# Problem statement
Please give an exact transcription of the lines below, from the one that contains "this 2048×1366 image." to the very last, with no other lines.

━━ Entries provided

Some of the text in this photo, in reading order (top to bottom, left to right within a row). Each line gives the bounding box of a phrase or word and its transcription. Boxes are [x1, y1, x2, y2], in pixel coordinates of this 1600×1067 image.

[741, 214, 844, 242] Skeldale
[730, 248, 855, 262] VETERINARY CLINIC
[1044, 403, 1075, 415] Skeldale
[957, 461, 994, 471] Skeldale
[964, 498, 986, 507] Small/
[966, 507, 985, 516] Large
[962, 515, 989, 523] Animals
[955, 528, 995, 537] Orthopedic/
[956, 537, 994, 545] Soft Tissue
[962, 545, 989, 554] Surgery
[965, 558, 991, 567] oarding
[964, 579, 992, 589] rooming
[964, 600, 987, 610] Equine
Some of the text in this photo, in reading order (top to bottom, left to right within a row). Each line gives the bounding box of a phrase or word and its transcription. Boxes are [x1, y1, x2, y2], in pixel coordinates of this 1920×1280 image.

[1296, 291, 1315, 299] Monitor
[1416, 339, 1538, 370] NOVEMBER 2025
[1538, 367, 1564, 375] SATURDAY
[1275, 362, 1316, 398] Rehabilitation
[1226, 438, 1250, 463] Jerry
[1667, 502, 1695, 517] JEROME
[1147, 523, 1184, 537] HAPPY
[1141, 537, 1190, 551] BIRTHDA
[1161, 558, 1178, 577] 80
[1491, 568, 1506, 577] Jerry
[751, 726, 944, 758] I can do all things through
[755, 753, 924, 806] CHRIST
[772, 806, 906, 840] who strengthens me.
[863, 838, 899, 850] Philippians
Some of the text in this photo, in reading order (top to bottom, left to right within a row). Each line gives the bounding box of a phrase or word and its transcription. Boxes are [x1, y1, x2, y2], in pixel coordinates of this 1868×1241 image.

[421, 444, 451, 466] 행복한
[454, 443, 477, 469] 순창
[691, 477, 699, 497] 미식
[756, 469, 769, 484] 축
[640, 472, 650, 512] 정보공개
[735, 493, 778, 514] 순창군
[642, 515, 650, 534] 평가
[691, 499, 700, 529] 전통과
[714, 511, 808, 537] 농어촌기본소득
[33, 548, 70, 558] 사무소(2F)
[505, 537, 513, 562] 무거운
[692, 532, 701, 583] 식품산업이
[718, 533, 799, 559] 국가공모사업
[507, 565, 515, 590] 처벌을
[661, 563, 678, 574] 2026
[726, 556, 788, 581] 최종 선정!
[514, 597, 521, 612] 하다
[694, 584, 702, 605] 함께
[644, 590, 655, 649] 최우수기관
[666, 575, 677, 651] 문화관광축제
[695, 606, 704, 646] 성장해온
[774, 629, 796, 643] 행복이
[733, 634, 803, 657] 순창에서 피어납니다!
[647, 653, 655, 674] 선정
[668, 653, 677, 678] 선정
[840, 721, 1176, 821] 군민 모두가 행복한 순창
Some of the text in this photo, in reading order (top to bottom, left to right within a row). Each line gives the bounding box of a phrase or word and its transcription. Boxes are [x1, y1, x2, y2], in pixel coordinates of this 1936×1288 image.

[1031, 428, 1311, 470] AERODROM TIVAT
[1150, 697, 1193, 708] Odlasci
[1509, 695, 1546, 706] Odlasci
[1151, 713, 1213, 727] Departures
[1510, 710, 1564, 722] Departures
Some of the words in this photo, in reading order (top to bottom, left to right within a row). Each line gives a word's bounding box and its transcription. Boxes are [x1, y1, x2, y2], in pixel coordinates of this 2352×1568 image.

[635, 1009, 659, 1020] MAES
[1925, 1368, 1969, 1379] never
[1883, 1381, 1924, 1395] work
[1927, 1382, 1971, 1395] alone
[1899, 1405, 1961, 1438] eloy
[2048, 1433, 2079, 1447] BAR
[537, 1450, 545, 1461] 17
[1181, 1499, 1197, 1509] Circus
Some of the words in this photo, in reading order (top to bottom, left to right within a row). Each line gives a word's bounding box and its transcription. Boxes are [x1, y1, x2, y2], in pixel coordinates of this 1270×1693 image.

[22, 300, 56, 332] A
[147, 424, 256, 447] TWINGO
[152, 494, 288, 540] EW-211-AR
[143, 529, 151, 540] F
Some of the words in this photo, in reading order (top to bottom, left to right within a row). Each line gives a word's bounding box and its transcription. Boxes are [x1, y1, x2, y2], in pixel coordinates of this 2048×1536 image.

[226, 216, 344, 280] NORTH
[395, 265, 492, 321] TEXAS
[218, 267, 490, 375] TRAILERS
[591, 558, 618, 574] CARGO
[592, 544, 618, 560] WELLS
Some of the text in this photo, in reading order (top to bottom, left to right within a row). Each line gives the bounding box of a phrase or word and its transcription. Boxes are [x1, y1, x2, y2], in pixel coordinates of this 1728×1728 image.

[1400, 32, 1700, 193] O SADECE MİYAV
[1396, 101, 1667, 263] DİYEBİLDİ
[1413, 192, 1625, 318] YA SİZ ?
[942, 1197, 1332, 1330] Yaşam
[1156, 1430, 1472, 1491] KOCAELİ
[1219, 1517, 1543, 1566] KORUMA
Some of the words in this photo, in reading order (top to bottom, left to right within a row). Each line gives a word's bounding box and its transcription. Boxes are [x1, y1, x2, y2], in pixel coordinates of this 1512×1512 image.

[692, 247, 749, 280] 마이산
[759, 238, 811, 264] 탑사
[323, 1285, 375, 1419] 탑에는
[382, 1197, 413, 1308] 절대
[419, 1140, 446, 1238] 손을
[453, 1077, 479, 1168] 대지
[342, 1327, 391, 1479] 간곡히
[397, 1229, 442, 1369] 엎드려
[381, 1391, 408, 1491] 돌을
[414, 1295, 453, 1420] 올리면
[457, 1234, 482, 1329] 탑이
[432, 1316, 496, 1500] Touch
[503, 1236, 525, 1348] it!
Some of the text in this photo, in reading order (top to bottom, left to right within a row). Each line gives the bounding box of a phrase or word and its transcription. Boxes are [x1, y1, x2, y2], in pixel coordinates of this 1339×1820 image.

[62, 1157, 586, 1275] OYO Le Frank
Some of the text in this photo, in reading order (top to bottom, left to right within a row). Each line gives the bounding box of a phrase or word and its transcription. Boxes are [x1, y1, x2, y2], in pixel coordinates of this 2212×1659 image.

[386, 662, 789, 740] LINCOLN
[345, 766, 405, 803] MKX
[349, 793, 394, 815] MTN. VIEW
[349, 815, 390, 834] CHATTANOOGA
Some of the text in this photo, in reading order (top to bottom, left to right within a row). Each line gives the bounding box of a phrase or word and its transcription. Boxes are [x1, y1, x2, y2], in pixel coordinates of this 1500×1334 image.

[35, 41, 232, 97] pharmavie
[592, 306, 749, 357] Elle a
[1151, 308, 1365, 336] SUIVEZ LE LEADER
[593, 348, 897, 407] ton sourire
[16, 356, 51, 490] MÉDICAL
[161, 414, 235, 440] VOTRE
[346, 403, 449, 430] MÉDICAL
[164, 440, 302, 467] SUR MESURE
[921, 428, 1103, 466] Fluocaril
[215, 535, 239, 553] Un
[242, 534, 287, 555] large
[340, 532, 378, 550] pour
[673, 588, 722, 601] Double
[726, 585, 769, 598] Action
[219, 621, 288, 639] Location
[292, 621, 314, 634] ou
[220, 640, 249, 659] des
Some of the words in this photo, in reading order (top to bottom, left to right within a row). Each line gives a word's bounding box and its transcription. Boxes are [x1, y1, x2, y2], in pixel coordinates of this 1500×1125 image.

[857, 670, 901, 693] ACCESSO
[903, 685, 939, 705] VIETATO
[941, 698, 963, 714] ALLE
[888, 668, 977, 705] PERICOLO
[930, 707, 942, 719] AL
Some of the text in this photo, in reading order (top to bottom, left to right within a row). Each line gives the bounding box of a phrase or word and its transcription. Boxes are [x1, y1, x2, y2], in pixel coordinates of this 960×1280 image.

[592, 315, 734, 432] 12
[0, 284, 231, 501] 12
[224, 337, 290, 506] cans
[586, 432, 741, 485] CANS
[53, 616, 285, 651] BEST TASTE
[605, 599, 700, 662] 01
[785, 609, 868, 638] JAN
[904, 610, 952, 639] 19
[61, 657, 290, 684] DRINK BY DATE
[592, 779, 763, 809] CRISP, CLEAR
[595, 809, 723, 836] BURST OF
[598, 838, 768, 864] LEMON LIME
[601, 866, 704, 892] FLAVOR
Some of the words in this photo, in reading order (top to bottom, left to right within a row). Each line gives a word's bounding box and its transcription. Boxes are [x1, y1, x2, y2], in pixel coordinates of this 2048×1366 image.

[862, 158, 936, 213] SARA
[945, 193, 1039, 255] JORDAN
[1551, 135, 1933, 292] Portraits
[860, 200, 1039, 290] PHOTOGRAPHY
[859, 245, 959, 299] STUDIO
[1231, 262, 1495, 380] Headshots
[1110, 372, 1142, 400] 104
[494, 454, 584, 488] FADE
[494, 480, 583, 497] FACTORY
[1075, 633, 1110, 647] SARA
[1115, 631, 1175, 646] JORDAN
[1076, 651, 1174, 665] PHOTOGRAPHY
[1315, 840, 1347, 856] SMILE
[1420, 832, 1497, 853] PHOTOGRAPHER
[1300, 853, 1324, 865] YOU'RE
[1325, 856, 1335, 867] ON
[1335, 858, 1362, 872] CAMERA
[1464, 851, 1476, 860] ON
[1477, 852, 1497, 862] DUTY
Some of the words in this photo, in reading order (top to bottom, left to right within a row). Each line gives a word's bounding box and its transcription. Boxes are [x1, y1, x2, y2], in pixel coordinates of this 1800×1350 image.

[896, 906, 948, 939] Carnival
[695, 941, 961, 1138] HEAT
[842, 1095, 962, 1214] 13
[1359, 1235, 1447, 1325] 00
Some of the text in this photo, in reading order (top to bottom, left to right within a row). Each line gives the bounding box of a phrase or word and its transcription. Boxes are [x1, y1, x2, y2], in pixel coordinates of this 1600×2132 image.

━━━━

# Exercise output
Some of the words in this photo, in reading order (top to bottom, left to right within a row). Each line gives a word's bounding box and its transcription. Boxes are [x1, y1, x2, y2], in pixel coordinates of this 2048×1366 image.

[862, 158, 936, 213] SARA
[945, 193, 1039, 255] JORDAN
[1551, 135, 1933, 292] Portraits
[860, 200, 1039, 290] PHOTOGRAPHY
[859, 245, 959, 299] STUDIO
[1231, 262, 1495, 380] Headshots
[1110, 372, 1142, 400] 104
[494, 454, 584, 488] FADE
[494, 480, 583, 497] FACTORY
[1075, 633, 1110, 647] SARA
[1115, 631, 1175, 646] JORDAN
[1076, 651, 1174, 665] PHOTOGRAPHY
[1315, 840, 1347, 856] SMILE
[1420, 832, 1497, 853] PHOTOGRAPHER
[1300, 853, 1324, 865] YOU'RE
[1325, 856, 1335, 867] ON
[1335, 858, 1362, 872] CAMERA
[1464, 851, 1476, 860] ON
[1477, 852, 1497, 862] DUTY
Some of the words in this photo, in reading order (top to bottom, left to right within a row). Each line gives a word's bounding box and its transcription. Boxes are [x1, y1, x2, y2], in pixel coordinates of this 1800×1350 image.

[896, 906, 948, 939] Carnival
[695, 941, 961, 1138] HEAT
[842, 1095, 962, 1214] 13
[1359, 1235, 1447, 1325] 00
Some of the text in this photo, in reading order (top to bottom, left to right within a row). Each line gives the bounding box of a phrase or word and its transcription. Boxes are [x1, y1, x2, y2], in pixel coordinates of this 1600×2132 image.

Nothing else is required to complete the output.